To me, it sounds like you made a bad agreement. While I personally absolutely agree that when families choose to employ a nanny they need to pay that nanny 52 weeks per year - barring the nanny requesting unpaid time off - which a lot of families do. (I'm one of those nannies who won't accept a position that doesn't include that standard.) Unfortunately, we're in an industry without set standards, so a lot of families also don't pay their nannies for unused hours. It seems like these issues always come down to individual nanny/family agreements, where the more detailed the agreement is from the start, the better off the nanny generally is.

In an ideal world, your written agreement would outline how much notice the family needs to give you and their options - if any - for use of your hours while they are away. For example, my nanny family went away for a long weekend a couple of weeks ago and I spent a day packing away (kid) winter clothes and inventorying what each child has/needs for spring and summer. Some families use an "hours bank" - with or without time limitations - which is what it sounds like your family is trying to do, albeit somewhat clumsily. My experience with the hours bank is that the exchange is 1:1 and it is kept track of (by both parties) outside of any payroll, to avoid overtime issues - which yes, is probably not legal. I guess my question is this: when you were told to keep track and make sure you worked an extra 42.5 hours, did you work (or make an effort to work) them? Did you cash their check prior to figuring out your agreement? Because it sounds a bit like they agreed to pay you for the week, on time, if you agreed to make up the 42.5 hours...and it sounds like they paid you and you have not worked the hours. I'm not saying it's a good deal, but I am saying that it sounds like a deal to which you agreed.

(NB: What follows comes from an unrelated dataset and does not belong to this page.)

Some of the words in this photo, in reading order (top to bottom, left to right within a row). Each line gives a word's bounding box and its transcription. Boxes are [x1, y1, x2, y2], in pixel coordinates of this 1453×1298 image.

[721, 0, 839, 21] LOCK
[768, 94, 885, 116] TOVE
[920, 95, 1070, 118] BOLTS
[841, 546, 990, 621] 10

I would encourage you to talk to them, bringing solutions to the table. At this point, it's unlikely that they are going to just pay you for hours they aren't using, as they likely view you as an hourly employee AND they might also feel like they were doing you a favor for paying you prior to your making up the hours. You might suggest doing kid-based projects while they are away, more household tasks if they are part of your agreement or you are willing to do them while the family is away (and if it's the latter, specify in writing if you want them limited to while the family is away), or an hours bank with more concrete guidelines.

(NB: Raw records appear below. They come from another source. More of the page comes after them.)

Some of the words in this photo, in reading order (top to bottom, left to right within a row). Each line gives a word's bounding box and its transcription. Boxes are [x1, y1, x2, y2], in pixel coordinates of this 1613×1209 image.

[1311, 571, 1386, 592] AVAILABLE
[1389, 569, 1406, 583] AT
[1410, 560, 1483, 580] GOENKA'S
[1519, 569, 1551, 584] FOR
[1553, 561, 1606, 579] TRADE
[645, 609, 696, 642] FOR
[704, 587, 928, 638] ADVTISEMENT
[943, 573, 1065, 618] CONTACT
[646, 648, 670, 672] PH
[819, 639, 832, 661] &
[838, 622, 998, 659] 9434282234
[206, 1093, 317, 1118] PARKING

I would also advise you not to consider how much money they do or do not have. I have found no relationship between employer generosity and employer assets/income.

nycmom said...

I can't post the entire contract (lots of personal details), but I'll try to post all the relevant parts. Keep in mind that I present this as negotiable and we agree on a final copy:

-expected number of hours including guaranteed minimum
-rough schedule with emphasis on need for significant flexibility since my schedule changes weekly
-Whether nanny wants first dibs on additional hours
-expectation of annual reviews and annual COL raises at 3-5%
-minimum one-year job commitment barring incompatibility

-both parties agree to give minimum 4 weeks notice if they need to terminate employment
-if job ends due to no fault of nanny, family agrees to make extensive attempts to assist with job search and serve as a reference
-nanny agrees to be available for assistance with finding new nanny and giving prospective candidates job expectations
-severance will be given at rate of one week per year of employment
-if nanny is terminated for cause, no notice or severance will be given
-causes for termination: unsafe care of kids, inconsistent job performance, dishonesty, stealing, breach of confidentiality, persistent tardiness, unapproved guests, smoking/drink/drugs while on duty

-rate of pay
-paid weekly and all federal and state taxes will be withheld
-monthly metrocard (NYC) or IRS mileage rate for use of own car
-no other comp will be given that is not listed
-if nanny does not have a cell phone, one will be provided during work hours for emergencies
-if she does, family will not assume responsibility for paying for it but if extra charges are accrued due to job, these will be paid.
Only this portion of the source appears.